- **WORK ITEM**
Please transcribe the data below in full. Omit any picture you find in it.

[Saved data entries]

▼▼▼

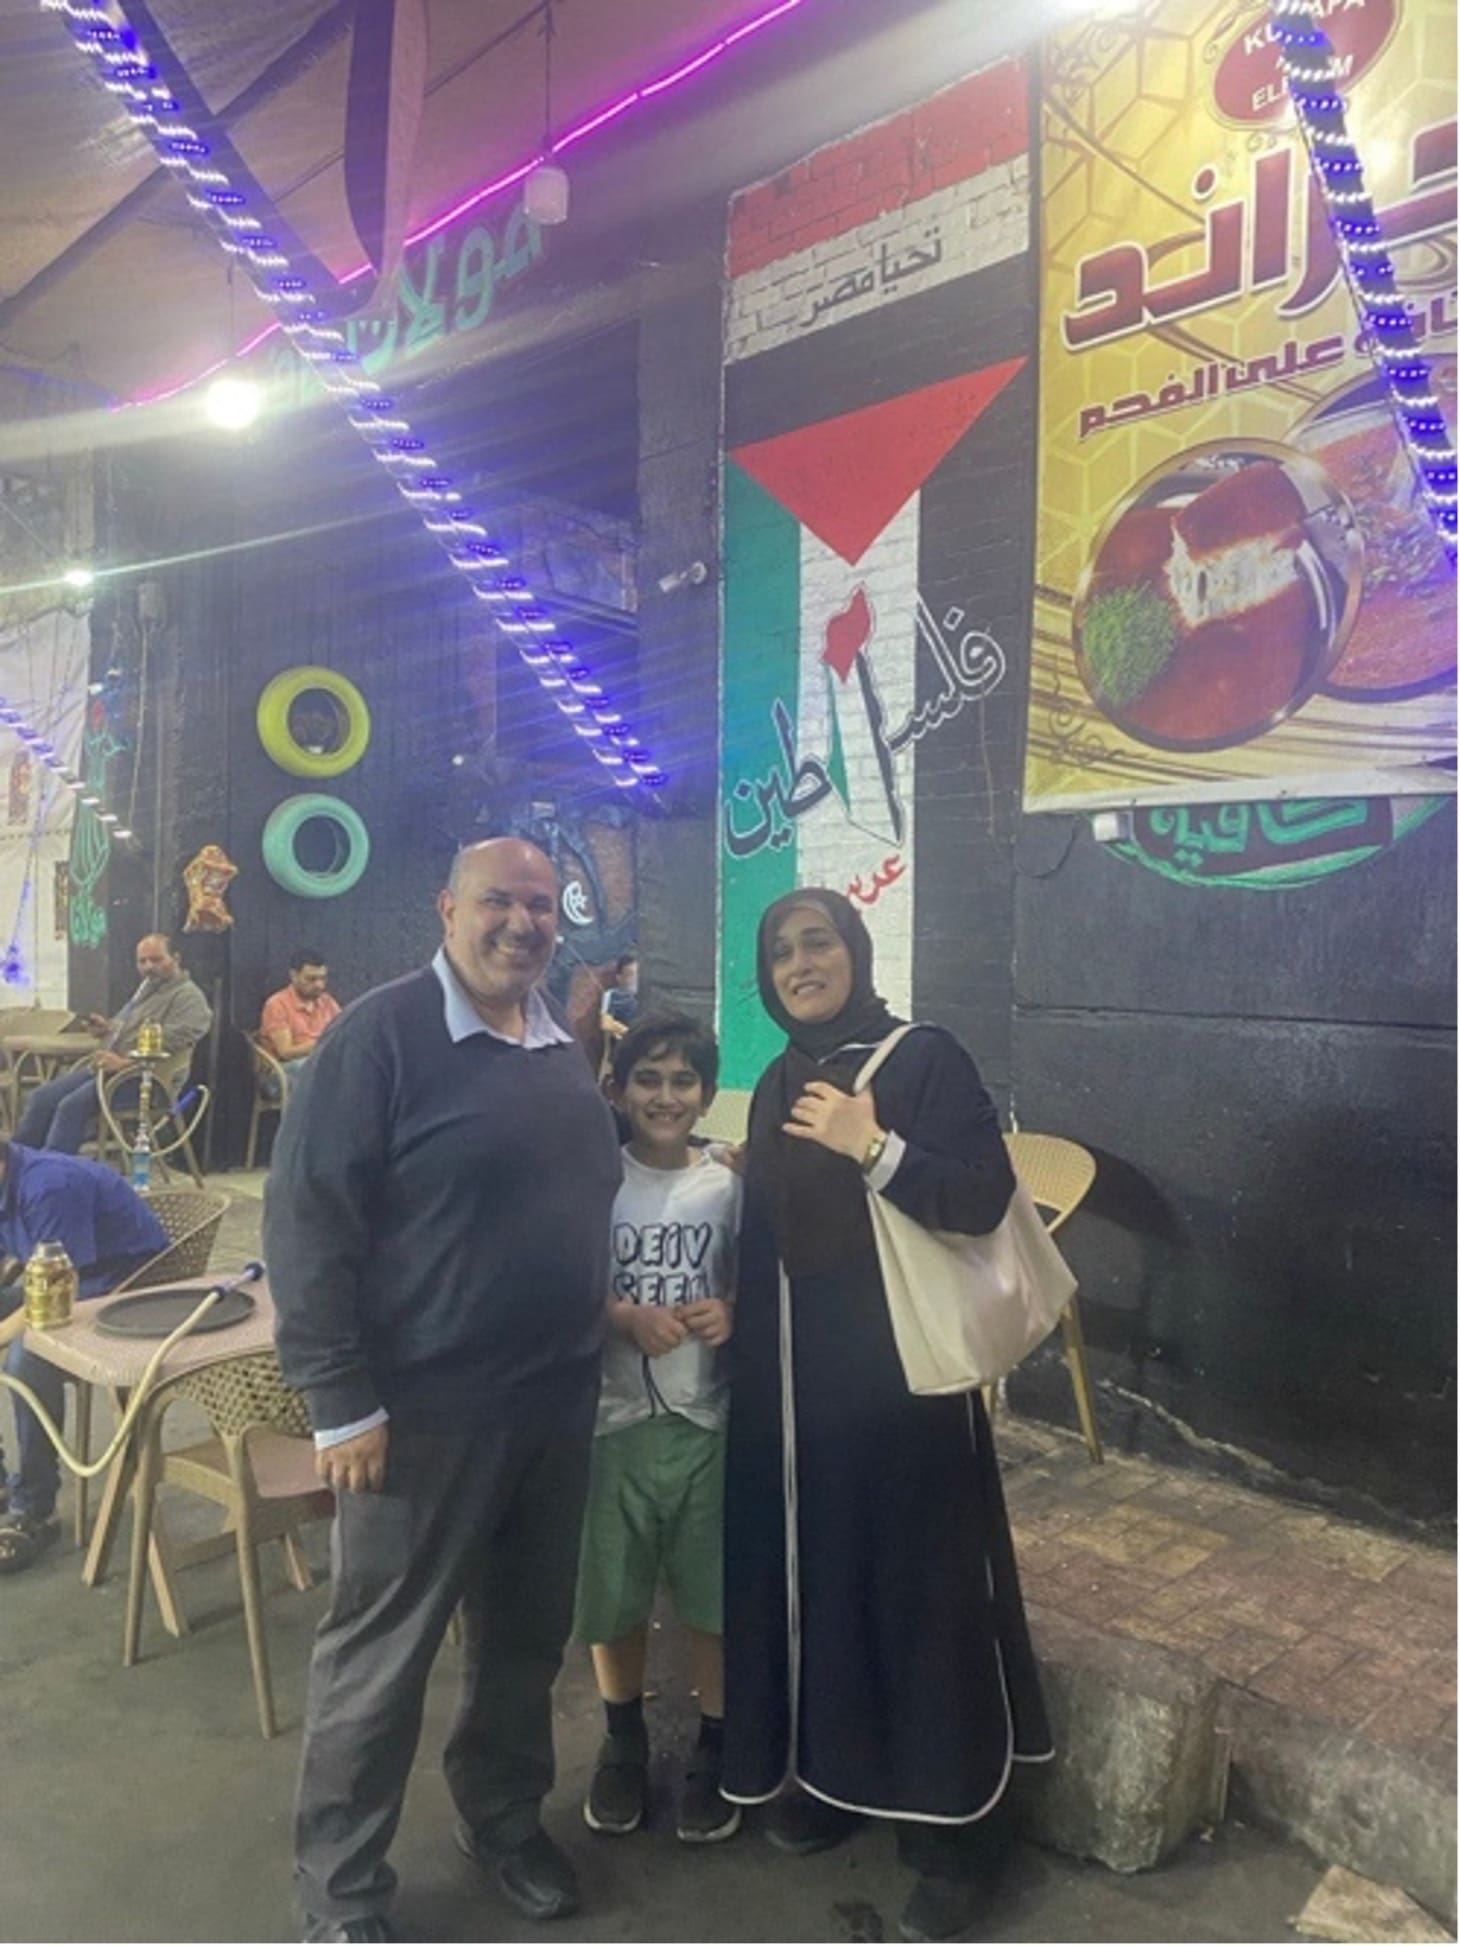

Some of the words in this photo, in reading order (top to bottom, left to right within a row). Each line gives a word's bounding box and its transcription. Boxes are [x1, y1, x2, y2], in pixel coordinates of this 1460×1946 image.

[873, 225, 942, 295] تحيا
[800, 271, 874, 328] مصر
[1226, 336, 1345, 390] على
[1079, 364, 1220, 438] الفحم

▲▲▲

- **PROBLEM SOLUTION**
Some of the words in this photo, in reading order (top to bottom, left to right within a row). Each line gives a word's bounding box and its transcription. Boxes are [x1, y1, x2, y2], in pixel coordinates of this 1460×1946 image.

[873, 225, 942, 295] تحيا
[800, 271, 874, 328] مصر
[1226, 336, 1345, 390] على
[1079, 364, 1220, 438] الفحم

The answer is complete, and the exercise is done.